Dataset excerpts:
BEGIN

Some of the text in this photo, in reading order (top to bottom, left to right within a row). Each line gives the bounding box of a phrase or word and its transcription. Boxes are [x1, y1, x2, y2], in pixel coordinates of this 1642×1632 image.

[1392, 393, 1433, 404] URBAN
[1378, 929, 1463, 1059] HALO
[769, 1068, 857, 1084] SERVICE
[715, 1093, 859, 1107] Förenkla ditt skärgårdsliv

END

Reproduce every entry above. Make each line identical to the original.

Some of the text in this photo, in reading order (top to bottom, left to right within a row). Each line gives the bounding box of a phrase or word and its transcription. Boxes are [x1, y1, x2, y2], in pixel coordinates of this 1642×1632 image.

[1392, 393, 1433, 404] URBAN
[1378, 929, 1463, 1059] HALO
[769, 1068, 857, 1084] SERVICE
[715, 1093, 859, 1107] Förenkla ditt skärgårdsliv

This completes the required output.